Your task >> Please set down, exactly as written, the line containing "this 1600×1068 image." and every line after it through the end of the records.

Stored data entries
========================================================================

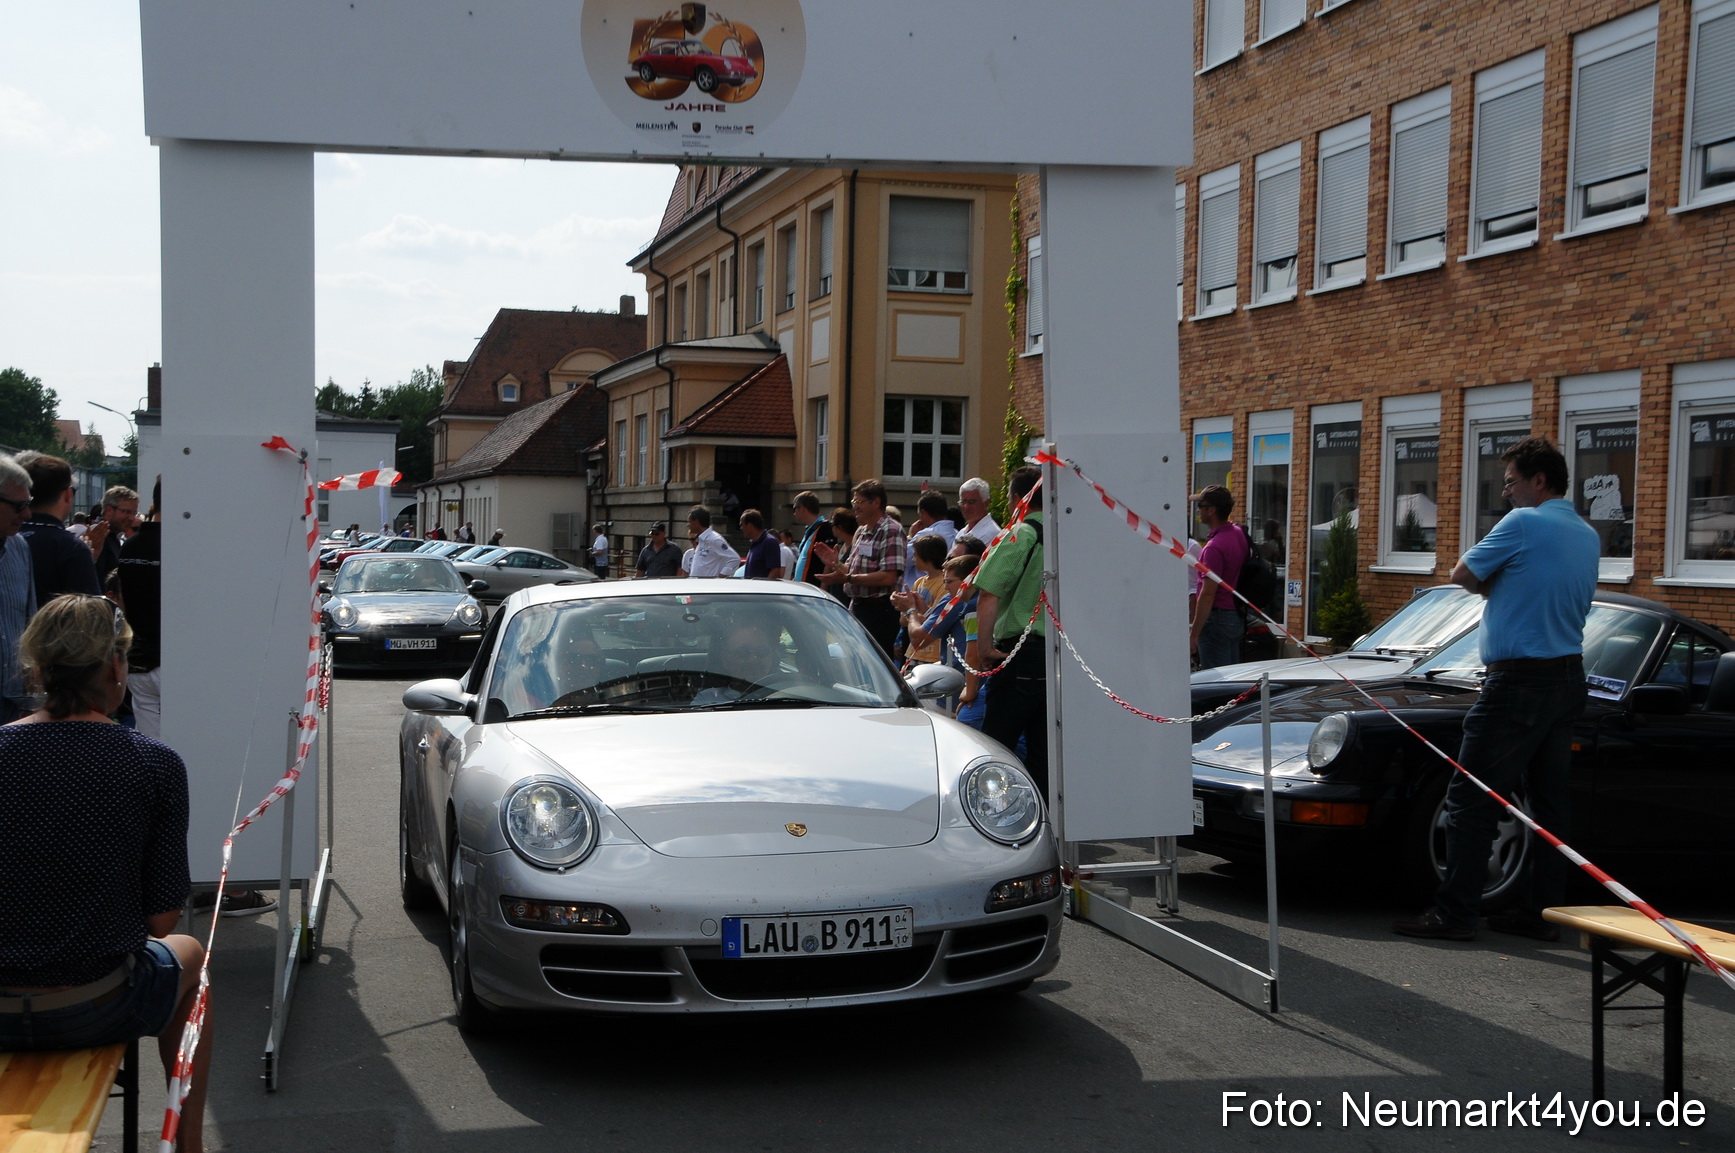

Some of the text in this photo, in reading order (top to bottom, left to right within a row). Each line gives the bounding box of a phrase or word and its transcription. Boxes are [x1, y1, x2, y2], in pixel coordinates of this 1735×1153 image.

[664, 102, 726, 113] JAHRE
[635, 122, 679, 131] MEILENSTEIN
[119, 558, 160, 566] PORSCHE
[390, 640, 436, 648] MÜ VH 911
[895, 914, 907, 923] 04
[743, 915, 894, 954] LAU B 911
[896, 935, 908, 945] 10
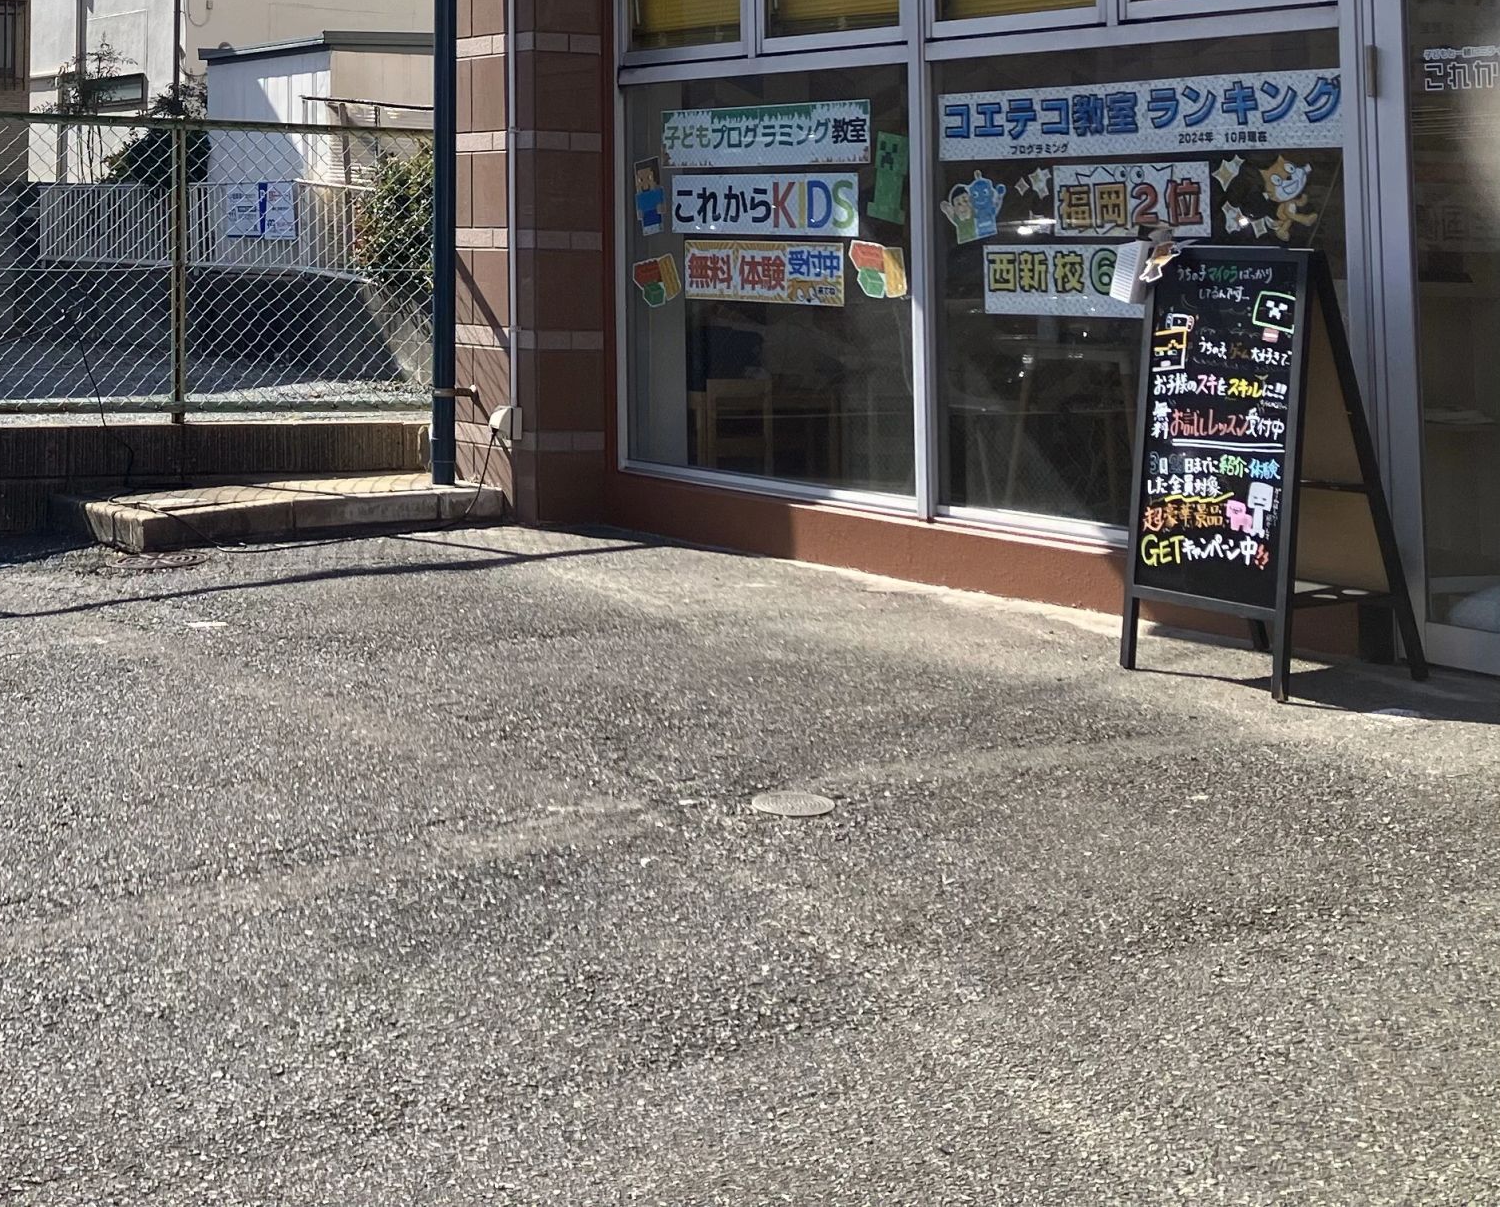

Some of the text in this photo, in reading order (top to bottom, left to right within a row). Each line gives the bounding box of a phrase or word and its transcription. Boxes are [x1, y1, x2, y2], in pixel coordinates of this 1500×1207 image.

[664, 117, 868, 150] 子どもプログラミング教室
[1010, 143, 1069, 155] プログラミング
[674, 180, 854, 229] これからKIDS
[1057, 178, 1203, 232] 福岡2位
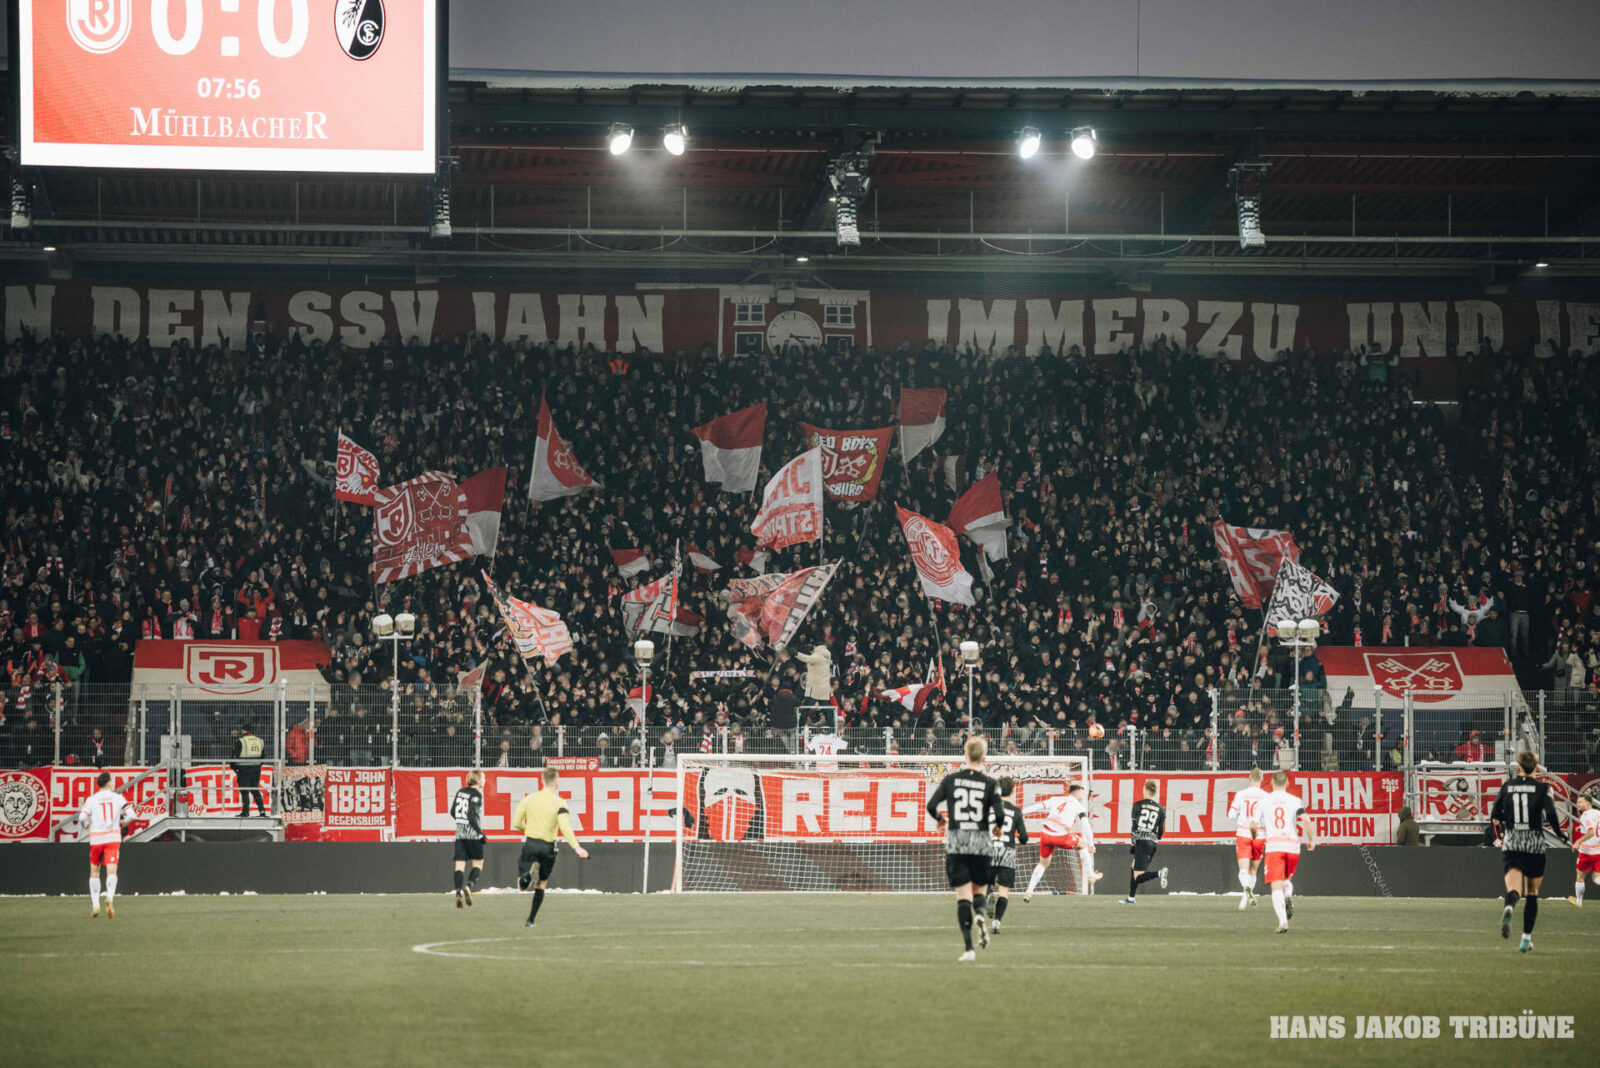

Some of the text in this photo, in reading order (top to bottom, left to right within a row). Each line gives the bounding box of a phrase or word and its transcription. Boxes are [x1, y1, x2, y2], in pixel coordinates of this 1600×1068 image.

[197, 77, 261, 100] 07:56
[130, 107, 329, 140] MÜHLBACHER
[91, 286, 251, 350] DEN
[288, 290, 439, 349] SSV
[927, 298, 1300, 362] IMMERZU
[1347, 300, 1503, 357] UND
[328, 770, 351, 782] SSV
[354, 771, 386, 783] JAHN
[328, 784, 386, 814] 1889
[1296, 776, 1373, 811] JAHN
[100, 802, 114, 823] 11
[455, 797, 470, 820] 28
[954, 788, 985, 823] 25
[1057, 802, 1067, 814] 4
[1512, 792, 1530, 823] 11
[328, 815, 386, 826] REGENSBURG
[1138, 809, 1159, 831] 29
[1275, 807, 1285, 829] 8
[1296, 816, 1375, 838] STADION

========================================================================

Expected answer >>
Some of the text in this photo, in reading order (top to bottom, left to right within a row). Each line gives the bounding box of a phrase or word and its transcription. Boxes are [x1, y1, x2, y2], in pixel coordinates of this 1600×1068 image.

[197, 77, 261, 100] 07:56
[130, 107, 329, 140] MÜHLBACHER
[91, 286, 251, 350] DEN
[288, 290, 439, 349] SSV
[927, 298, 1300, 362] IMMERZU
[1347, 300, 1503, 357] UND
[328, 770, 351, 782] SSV
[354, 771, 386, 783] JAHN
[328, 784, 386, 814] 1889
[1296, 776, 1373, 811] JAHN
[100, 802, 114, 823] 11
[455, 797, 470, 820] 28
[954, 788, 985, 823] 25
[1057, 802, 1067, 814] 4
[1512, 792, 1530, 823] 11
[328, 815, 386, 826] REGENSBURG
[1138, 809, 1159, 831] 29
[1275, 807, 1285, 829] 8
[1296, 816, 1375, 838] STADION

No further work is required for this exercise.